On the Cusp in North Carolina
June 2, 2016
Technology, the quadruple aim, and the ambitious goals of the “lab state”.
The North Carolina Department of Health and Human Services is preparing to ask the federal Centers for Medicare and Medicaid Services for approval of an ambitious plan to enhance the state’s Medicaid program. The plan is essentially a two-pronged effort to improve the quality of state Medicaid services, both in terms of expansion and reform. Some 300,000-500,000 additional low-income adults would qualify for coverage under the new proposal, and the state would increase provisions to support the integration of several forms of care into patient centered medical homes.
But perhaps the most audacious goal of the project is the intended alignment with the standards of the newly coined “quadruple aim” of health care—in other words, higher levels of clinician support and satisfaction in addition to the established Triple Aim of improved population health, reduced costs, and higher patient satisfaction.
The idea of a statewide program getting larger and more complex, yet easier to manage in cost and administration, might seem counter-intuitive to most. North Carolina wants to function as a metaphorical laboratory for future federal reforms, and whether or not the results are validating is going to weigh very heavily on what kind of technology solution is in place.
A lack of adaptability is where large-scale expansion efforts have suffered in the past and in other states. Hard-coded legacy software systems have not so far demonstrated an ability to respond to industry changes in a timely enough manner, often resulting in blown implementation deadlines and unforeseen costs. Ideally, the expansion of the state Medicaid system will be managed by configurable platform technology. The data model of such a platform will need to be accessible, extensible, and highly dynamic, able to continuously embrace new innovations and ensure compliance against future rounds of regulatory measures.
Preliminary studies have concluded that North Carolina’s reconciliation of different forms of care into patient-centered medical homes have been effective in improving whole patient wellness while mitigating healthcare costs. Continued success depends on how well technology can integrate different forms of care, and a configurable platform is perfect for easing the consolidation of different workflows, data sets, and individual requirements across vendors and providers statewide.
The original Triple Aim of health care touched on the three very important goals of improved population health, improved patient experience, and reduced costs, but achieving those goals should not result in the burnout of healthcare providers, clinicians, and staff. North Carolina’s insistence that the experience be improved for the clinician as well, effectively creating a quadruple aim, sets a high standard to which technology vendors should aspire. Being that platform technology already has a solid track record in most consumer-driven industries for value and ease of use, it is the natural choice for achieving the quadruple aim in health and human services.
Platform technology enables an ecosystem of content providers and content consumers, creating a network effect that increases in value over time as more participants are drawn into a virtuous cycle. The availability of configurable solutions reduces the reliance on custom-built applications, meaning the experience for both patient and provider are greatly enhanced. Additionally, agencies enjoy improved access to actionable data, which informs data-driven measures aimed at improving population health.

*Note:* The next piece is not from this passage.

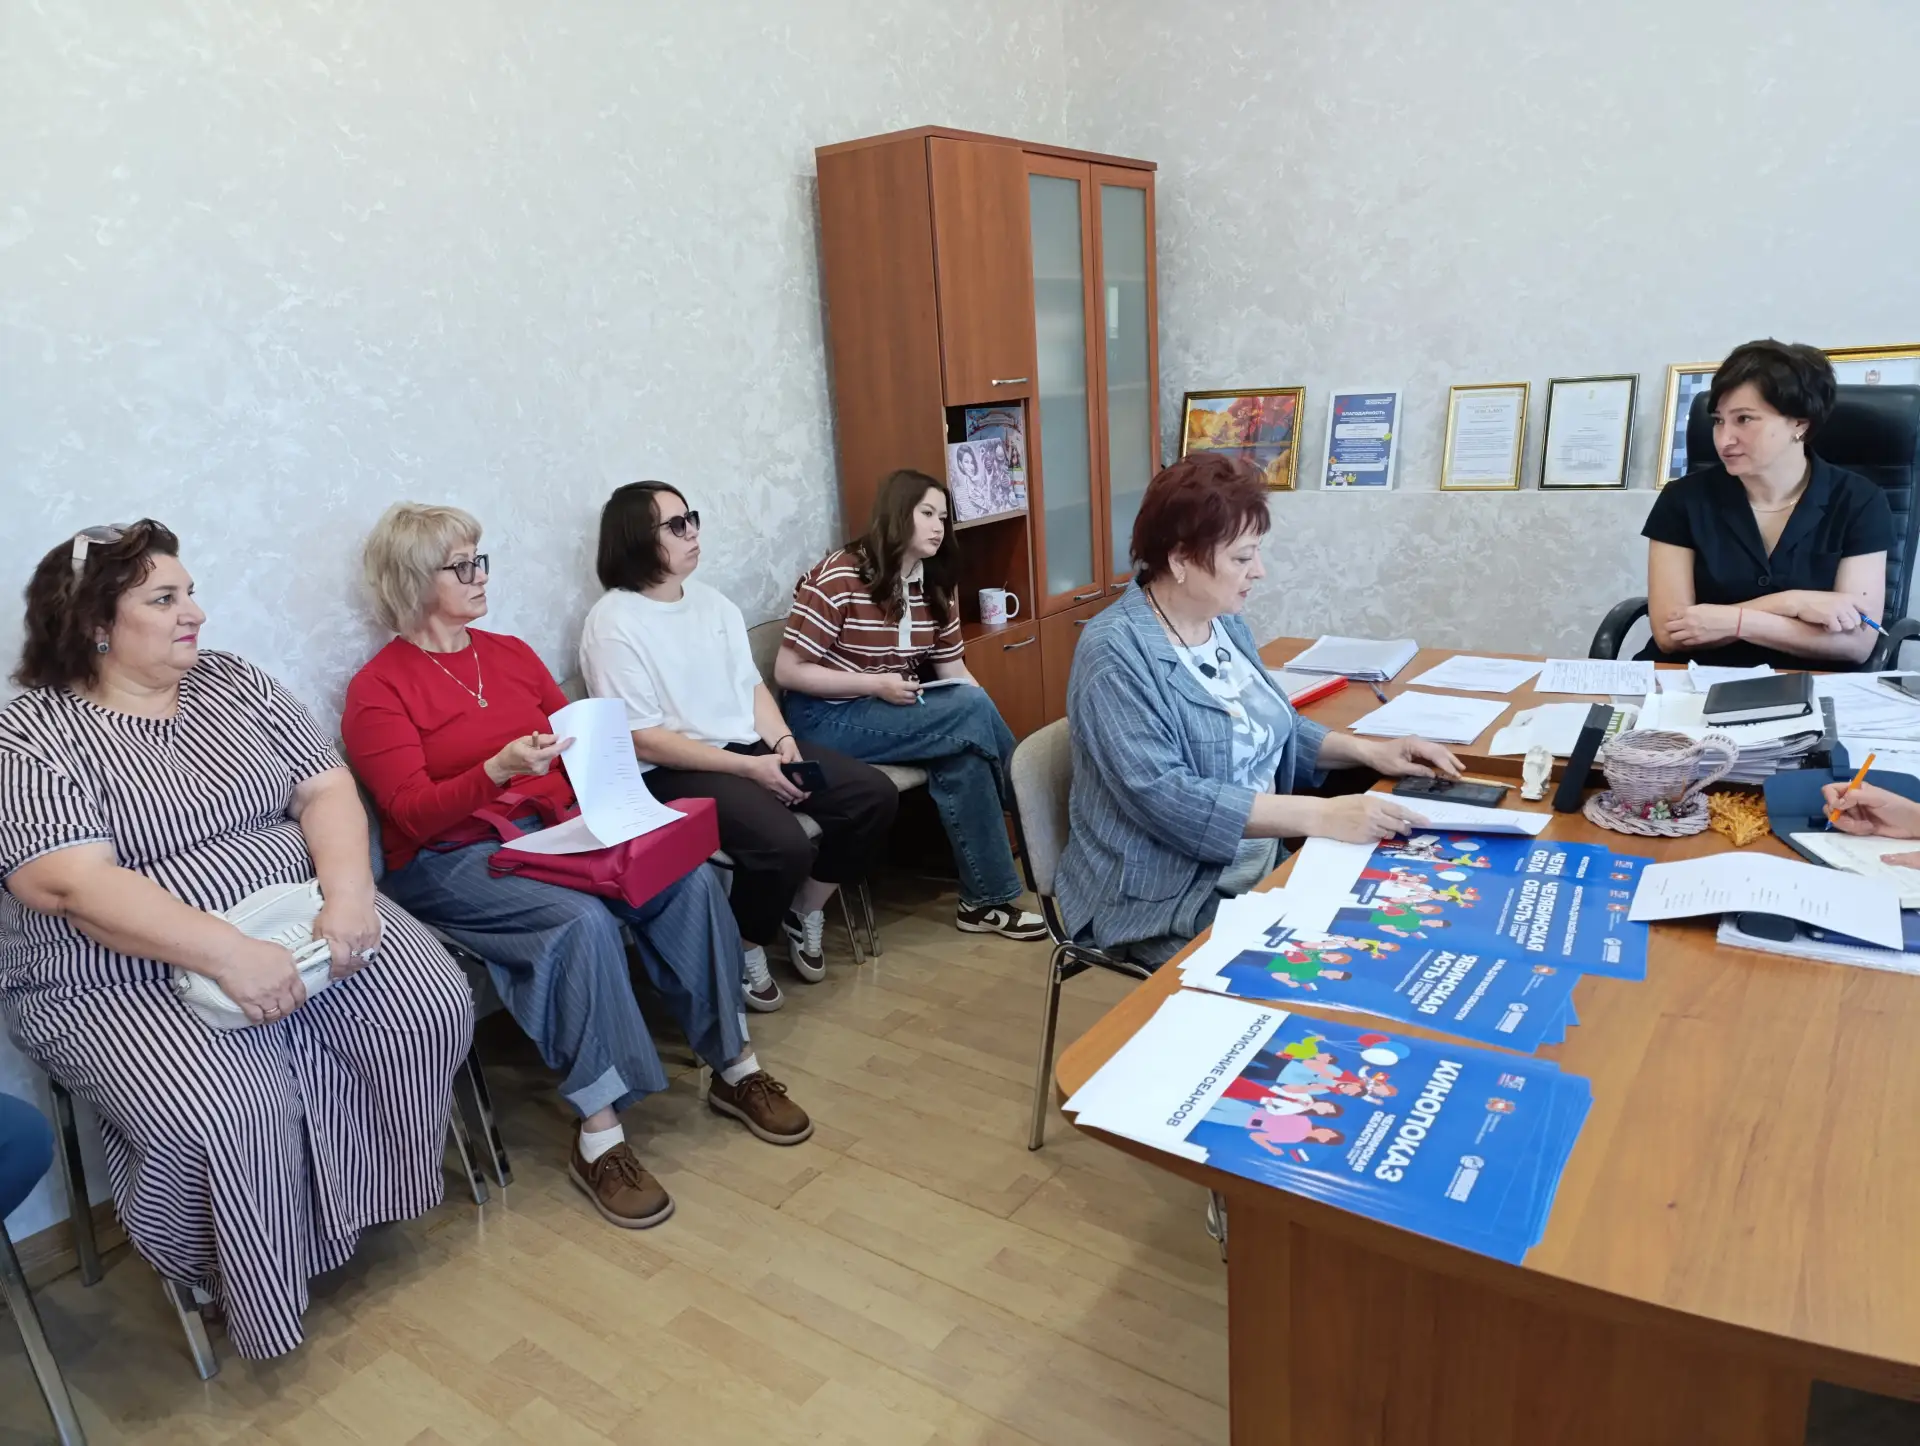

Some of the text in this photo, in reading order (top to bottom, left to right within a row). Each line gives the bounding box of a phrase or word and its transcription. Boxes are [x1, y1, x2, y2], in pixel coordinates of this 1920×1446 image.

To learn more about network effects in platform technology, click here.
North Carolina’s plan to increase the scope and complexity of an already massive statewide program like Medicaid is hard enough to do on its own, and the clause that the provider experience will be simpler is an added challenge. The coming results could set a new precedent as to what is possible in the realm of health and human services, but will largely dependent on how well technology can be leveraged to achieve the state’s ambitions.